What to produce
Please print every record below exactly as it appears, but leave out the pictures.

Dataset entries
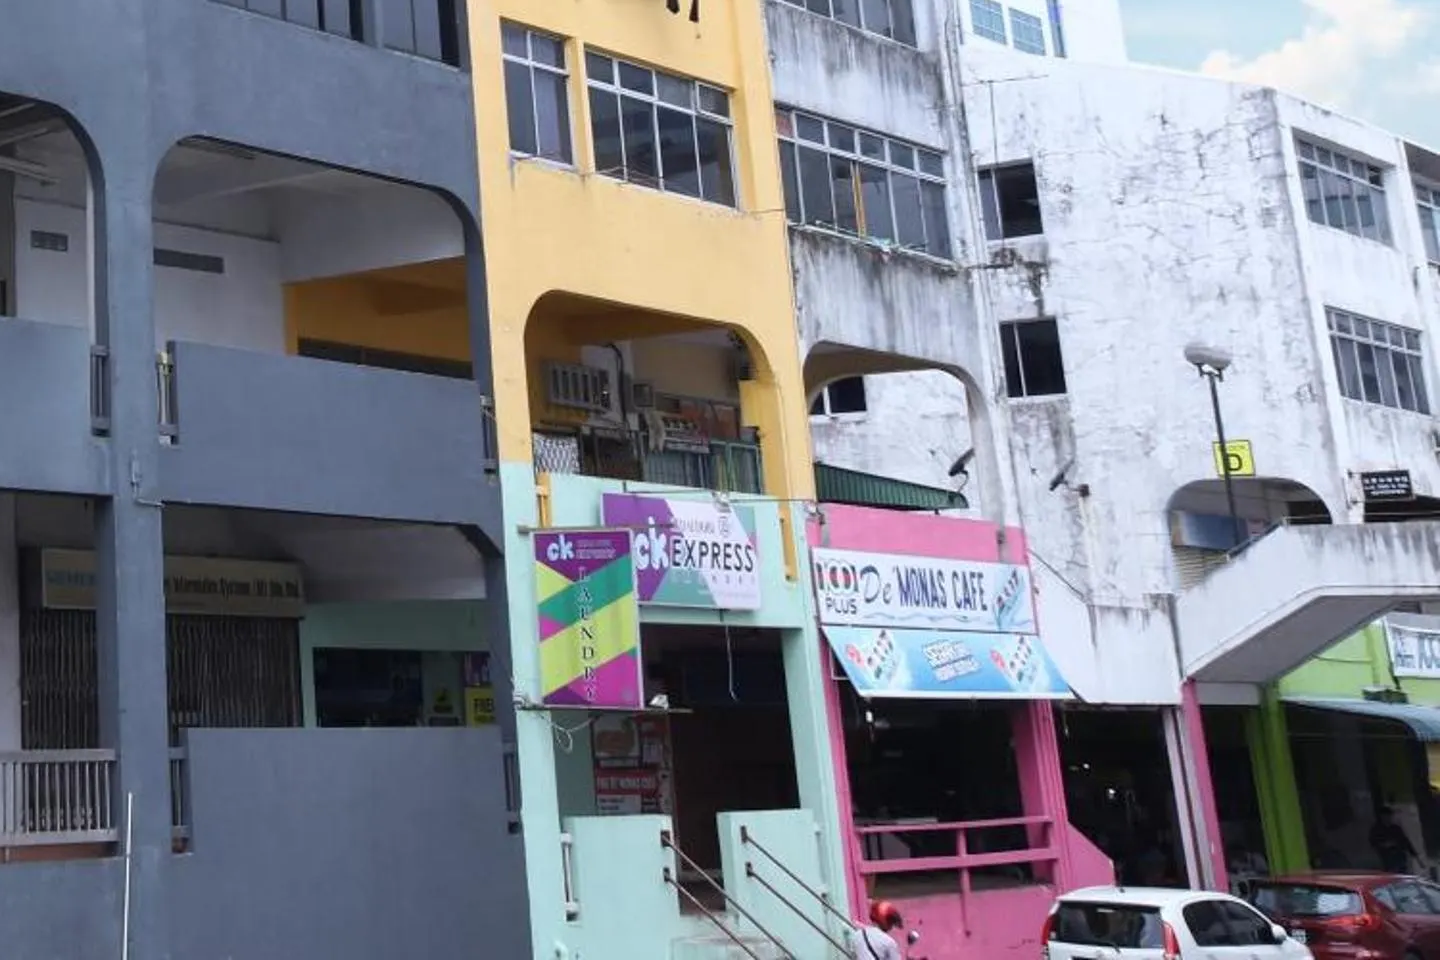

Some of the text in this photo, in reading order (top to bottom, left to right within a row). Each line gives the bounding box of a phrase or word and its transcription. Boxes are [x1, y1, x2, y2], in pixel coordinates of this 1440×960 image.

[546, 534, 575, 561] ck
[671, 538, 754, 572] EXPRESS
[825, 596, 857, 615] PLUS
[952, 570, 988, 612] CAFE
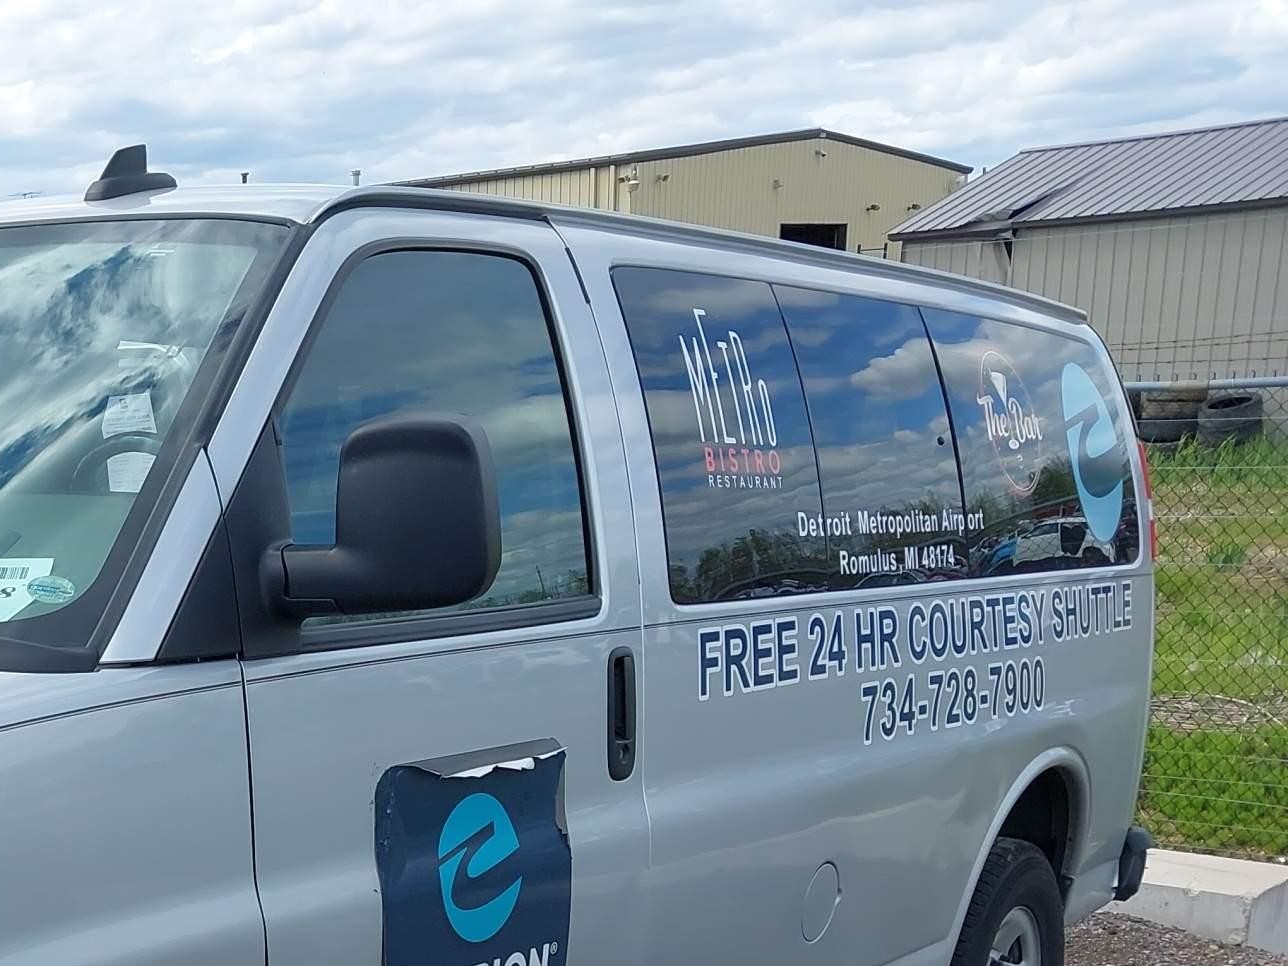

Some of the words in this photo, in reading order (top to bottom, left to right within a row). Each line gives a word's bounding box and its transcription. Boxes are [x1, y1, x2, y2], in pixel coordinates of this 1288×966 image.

Answer space
Some of the text in this photo, in reading order (top to bottom, left to right within a row). Each line gives the bounding box of a phrase or word and its transcription. Boxes are [x1, y1, x2, y2], in pixel coordinates of this 1440×960 image.

[546, 534, 575, 561] ck
[671, 538, 754, 572] EXPRESS
[825, 596, 857, 615] PLUS
[952, 570, 988, 612] CAFE

Some of the words in this photo, in reading order (top to bottom, left to right within a row). Each line gives a word's bounding box and its transcription. Boxes are [x1, y1, x2, y2], in pixel coordinates of this 1288×966 image.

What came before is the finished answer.